Le texte de cette page a été corrigé et est conforme au fac-similé.

C’était vers la fin de l’hiver de 1662. Turenne s’assit au coin du feu et entama des protestations de tendresse. « Comme je suis brusque, je lui dis : « De quoi est-il question ? » Il me répondit : « Je veux vous marier. » Je l’interrompis et lui dis : « Cela n’est pas facile ; je suis contente de ma condition. — Je vous veux faire reine ; mais écoutez-moi ; laissez-moi tout dire, et puis vous parlerez. Je vous veux faire reine de Portugal. — Fi ! me récriai-je, je n’en veux point. » Il reprit : « Les filles de votre qualité n’ont point de volonté ; elle doit être celle du Roi. »

Le monarque qui faisait crier « Fi ! » à Mademoiselle s’appelait Alphonse VI et n’avait pas encore vingt ans. A vingt-trois, l’abbé de Saint-Romain, notre envoyé en Portugal, rapportait qu’il ne savait encore ni lire ni écrire[1]. En revanche, « il tirait les oreilles et arrachait les cheveux du premier venu, » et c’était dans ses bons jours ; dans les mauvais, il frappait « des pieds, des mains et de l’épée tous ceux qui le fâchaient, indifféremment. » Ses sujets n’osaient plus sortir de nuit dans les rues, parce que l’un de ses divertissemens était de les « charger brusquement » dans l’obscurité, et d’essayer de les embrocher.
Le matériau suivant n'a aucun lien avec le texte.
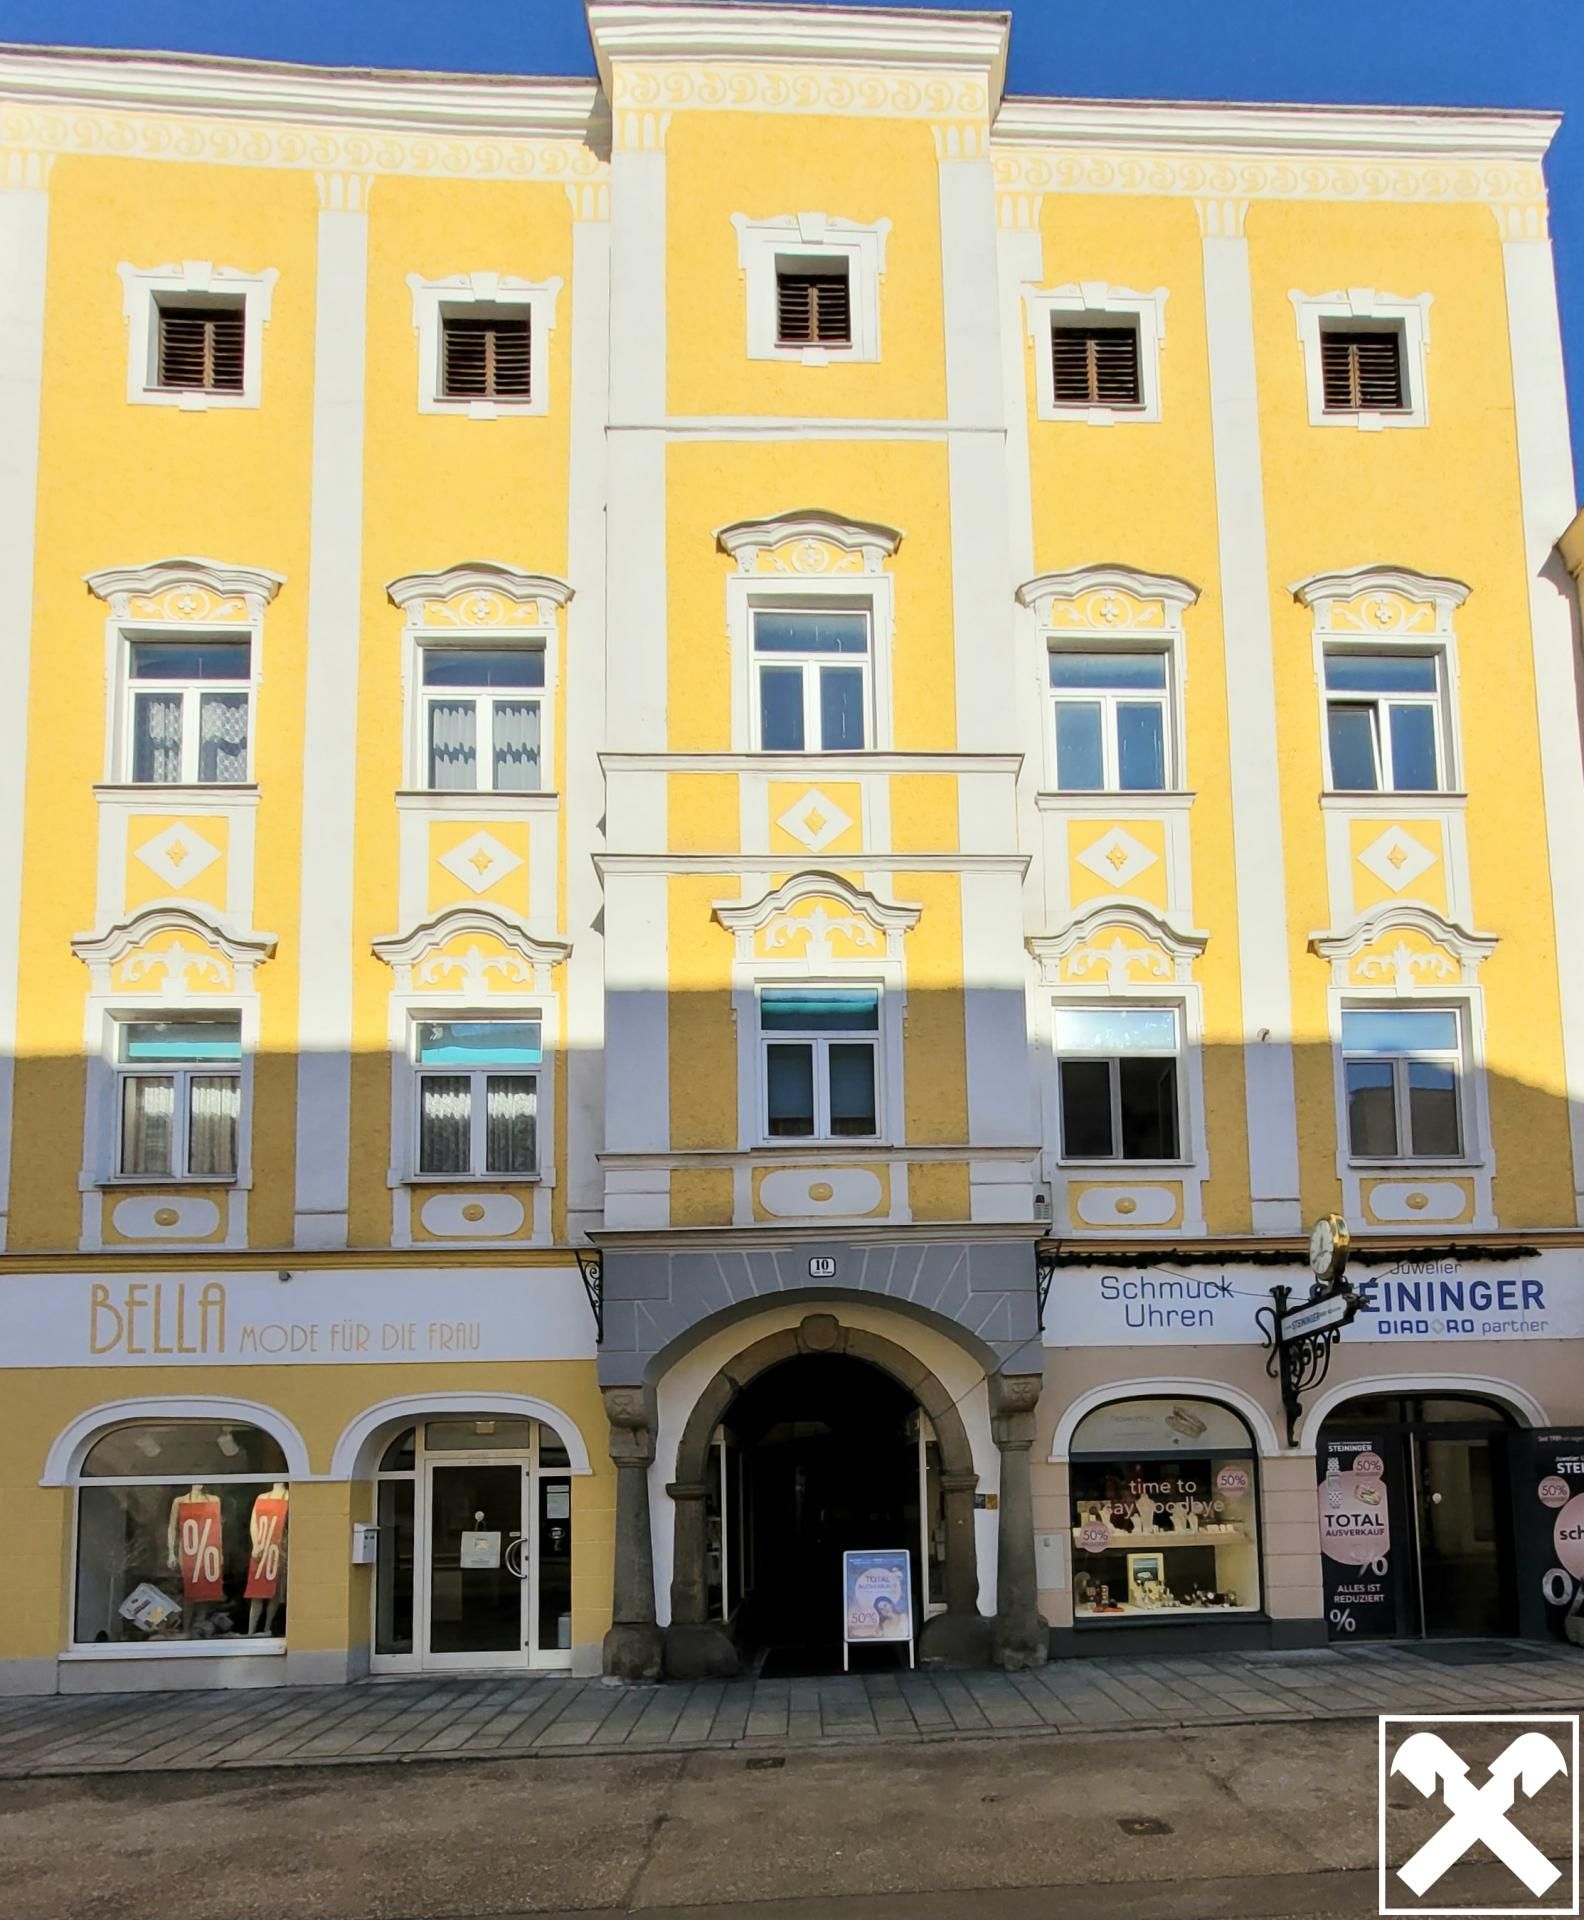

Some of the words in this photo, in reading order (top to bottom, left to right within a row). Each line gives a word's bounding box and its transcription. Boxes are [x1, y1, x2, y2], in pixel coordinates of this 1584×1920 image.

[816, 1259, 829, 1271] 10
[1101, 1275, 1235, 1300] Schmuck
[1309, 1280, 1546, 1313] EININGER
[90, 1282, 226, 1354] BELLA
[239, 1324, 319, 1353] MODE
[330, 1319, 369, 1352] FÜR
[381, 1323, 417, 1351] DIE
[428, 1321, 481, 1351] FRAU
[1125, 1303, 1214, 1328] Uhren
[1481, 1320, 1549, 1336] partner
[1356, 1460, 1381, 1472] 50%
[1128, 1478, 1171, 1495] time
[1177, 1479, 1197, 1494] to
[1220, 1475, 1246, 1487] 50%
[1541, 1484, 1567, 1497] 50%
[1324, 1513, 1385, 1528] TOTAL
[1083, 1529, 1109, 1541] 50%
[1325, 1528, 1385, 1537] AUSVERKAUF
[1337, 1584, 1366, 1593] ALLES
[1367, 1583, 1382, 1592] IST
[1333, 1594, 1385, 1604] REDUZIERT
[1329, 1608, 1357, 1632] %
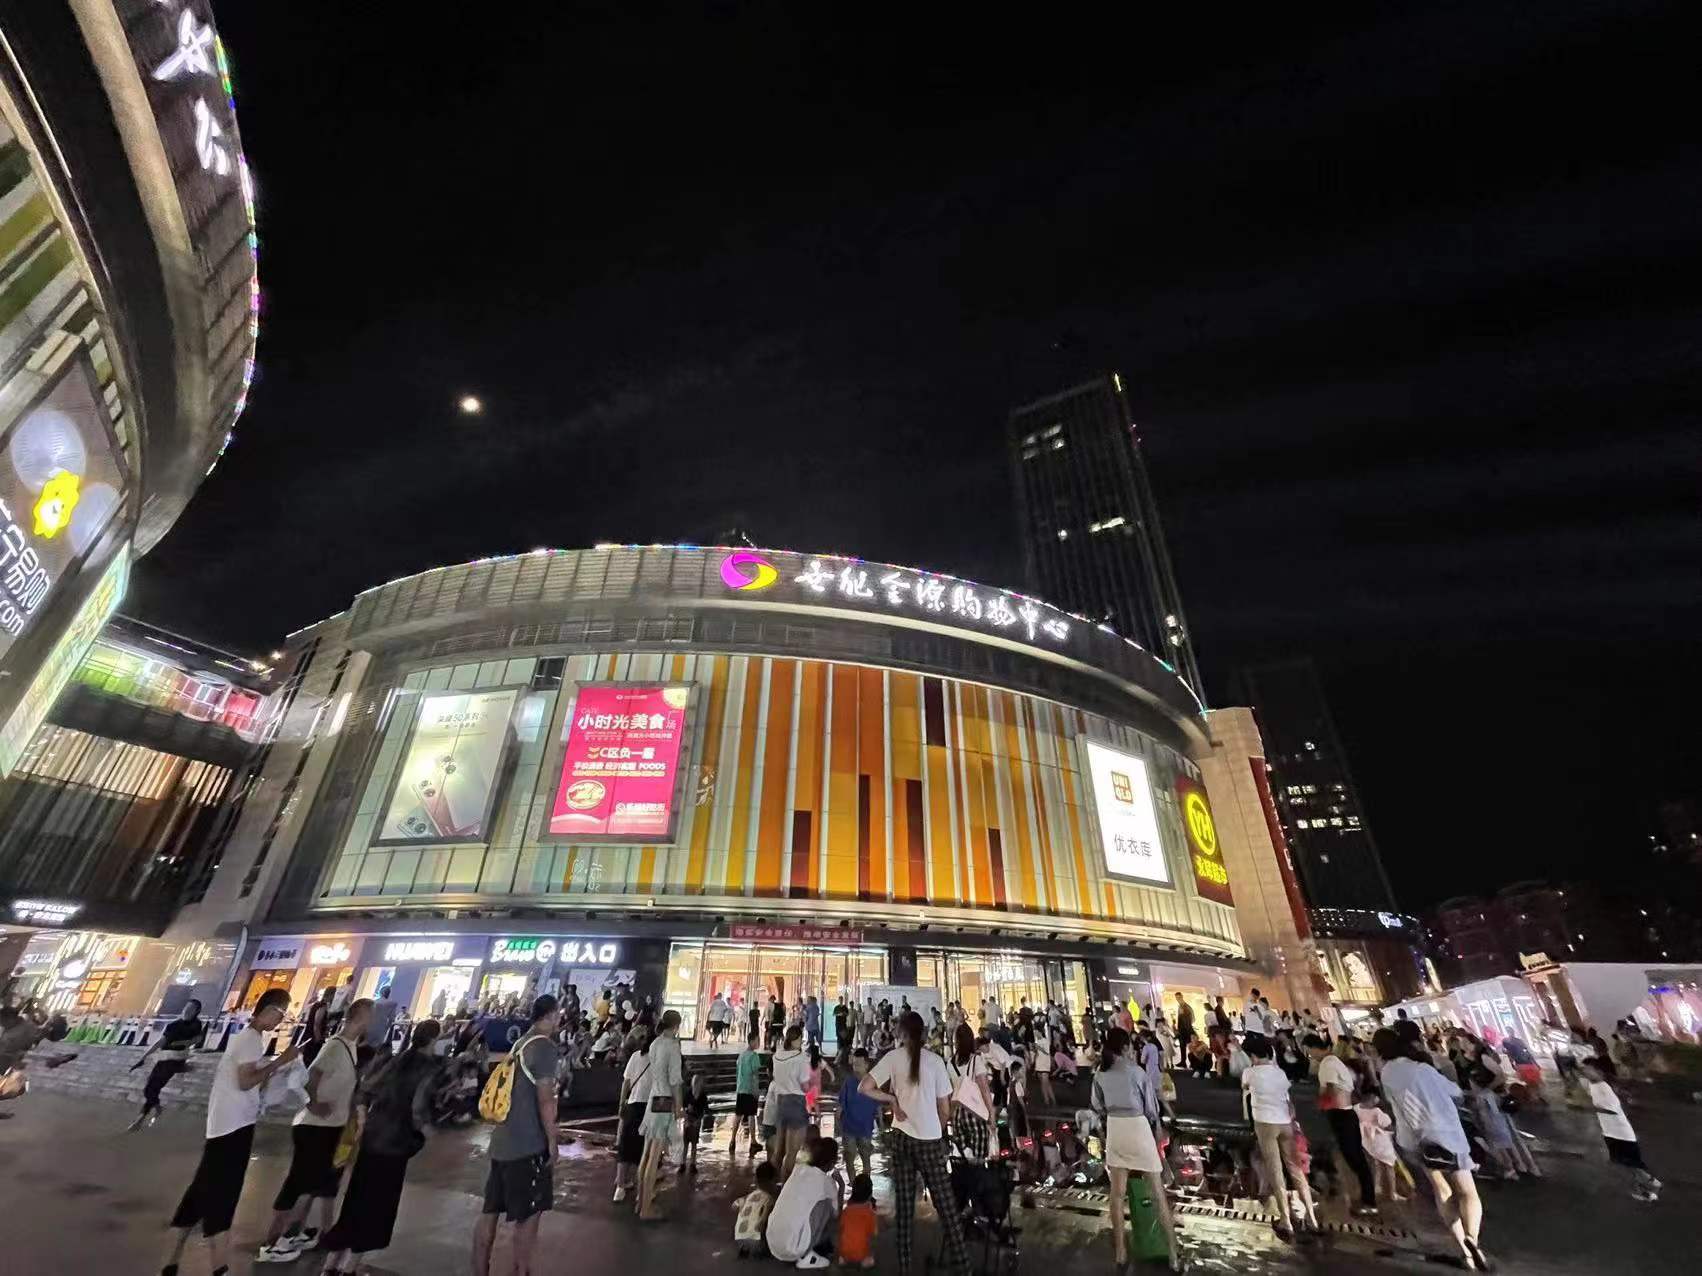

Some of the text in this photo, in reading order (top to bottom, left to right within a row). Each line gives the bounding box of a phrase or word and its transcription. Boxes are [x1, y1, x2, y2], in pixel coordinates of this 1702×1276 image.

[0, 498, 50, 614] 宁易购
[1113, 833, 1152, 857] 优衣库
[561, 941, 617, 963] 出入口
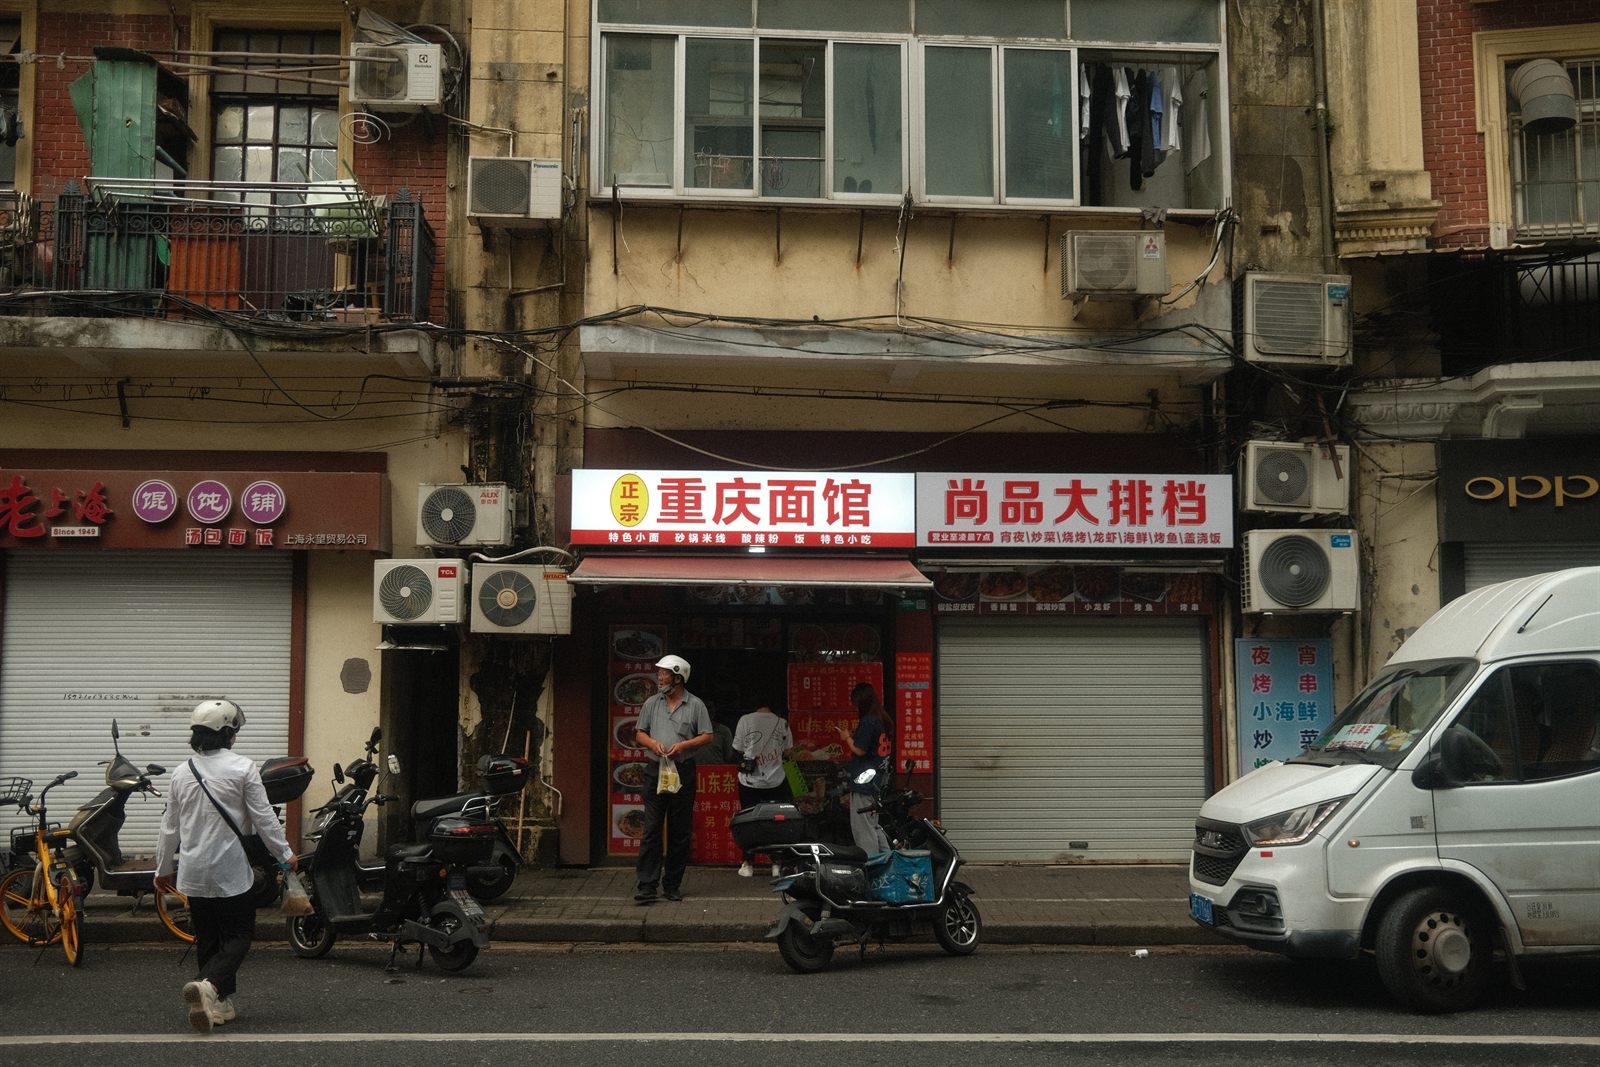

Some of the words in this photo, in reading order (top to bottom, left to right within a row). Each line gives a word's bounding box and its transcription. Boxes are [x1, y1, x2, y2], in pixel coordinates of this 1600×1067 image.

[0, 474, 114, 537] 老上海
[141, 490, 277, 513] 馄饨铺
[620, 481, 639, 521] 正宗
[656, 477, 872, 527] 重庆面馆
[945, 478, 1207, 527] 尚品大排档
[185, 528, 222, 545] 汤包
[228, 528, 247, 545] 面
[255, 528, 274, 546] 饭
[284, 533, 368, 546] 上海永望贸易公司
[608, 532, 660, 543] 特色小面
[675, 532, 726, 544] 砂锅米线
[741, 533, 779, 544] 酸辣粉
[794, 533, 805, 544] 饭
[820, 534, 872, 545] 特色小吃
[932, 533, 991, 542] 营业至凌晨7点
[1084, 603, 1111, 611] 小龙虾
[1252, 645, 1317, 665] 夜宵
[1252, 673, 1318, 693] 烤串
[1253, 701, 1318, 721] 小海鲜
[1253, 729, 1320, 750] 炒菜
De sa personne, Alphonse VI était un gros petit tonneau, à moitié paralysé d’une jambe, « goulu et malpropre, » presque toujours ivre, et vomissant alors « après ses repas. » Il portait « six ou sept habits » les uns sur les autres, parmi lesquels « un jupon de trois cents taffetas piqués à l’épreuve du pistolet. » Sur la tête, un béguin retombant jusqu’aux yeux, plusieurs calottes par-dessus ce béguin, dont une « à oreilles, » et un « bonnet à l’anglaise » sur le tout. « Son corps, poursuivait l’abbé, sent naturellement mauvais, et il a toujours des ulcères sous de grands doubles ou replis de peau qui se font en divers endroits de sa personne, et il serait impossible de souffrir toutes ces puanteurs ensemble, s’il ne se faisait laver le corps une fois par jour en hiver, et deux fois dans les autres saisons… » La peur l’obligeait à faire « toujours coucher dix-sept personnes » dans sa chambre, « et, pour achever la cassolette, sa chaise, qui n’est pas une chaise inutile, demeure nuit et jour dans la ruelle de son lit. »

Turenne, cependant, s’efforçait de dorer la pilule. Il exposa à Mademoiselle combien il serait utile au Roi, et pour quelles

  1. Mignet, Négociations relatives à la succession d’Espagne.